WS: Ведь и в Британии создавались великолепные сериалы. ХЛ: Один из аспектов, который, на мой взгляд, хорош в американской системе, что, в конце концов, кто бы что об этом ни думал, здесь производится несколько выдающихся драматических сериалов. Сейчас хорошее время для драмы на телевидении, несмотря на все сложности, все неопределенности и экономические проблемы. Невзирая на все это, сейчас отличное время, как мне кажется, в основном благодаря сценаристам. Этот мир полностью принадлежит сценаристам. Безусловно, в художественном кино и на британском телевидении сценаристы не занимают того места, которое им принадлежит в американской драме. Во-первых, они не продюсеры. Дэвид является исполнительным продюсером, и он вместе с Кэйти (Джейкобс) руководит сериалом. Этого нет в Британии, и этого нет в художественном кино. Мне это нравится, это дает больше возможностей.

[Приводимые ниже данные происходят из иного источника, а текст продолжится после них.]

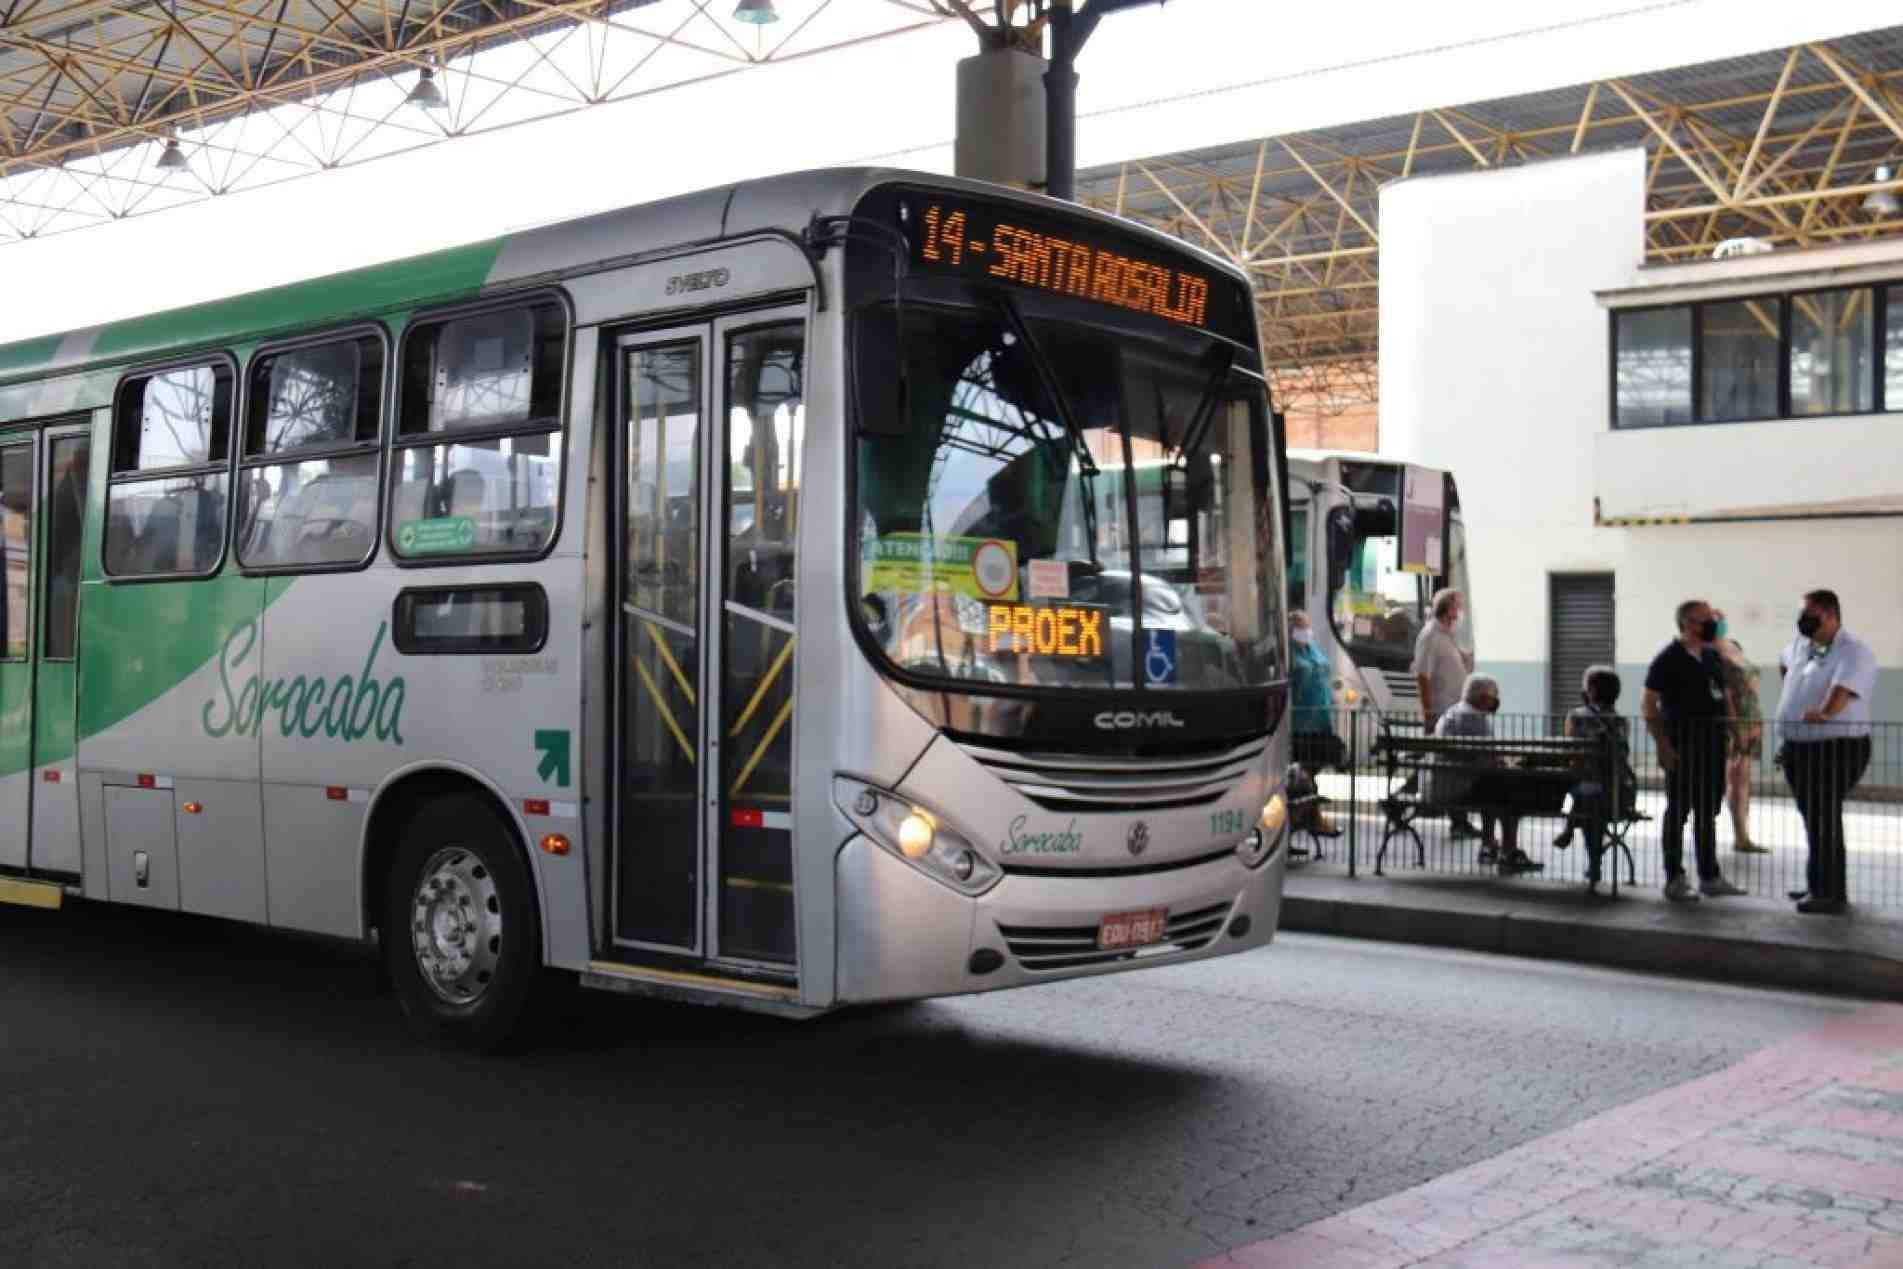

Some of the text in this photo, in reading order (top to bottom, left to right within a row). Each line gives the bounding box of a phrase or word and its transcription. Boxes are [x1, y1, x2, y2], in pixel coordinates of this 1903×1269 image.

Система пилотов, я даже не знаю, немного странная и, на мой взгляд, приводит к лишним потерям. С другой стороны, меня в некоторой степени убеждает тот факт, что люди не могут предсказать реакцию зрителей. Я думаю, мы должны достигнуть определенной стадии деградации в развитии человечества, чтобы один умный человек, сидя у себя в офисе, был в состоянии предсказать: «Если вы соедините этого актера с этим сценаристом и напишите вот такой сюжет с такими элементами, публике это понравится». Если такой день наступит, это будет очень печально.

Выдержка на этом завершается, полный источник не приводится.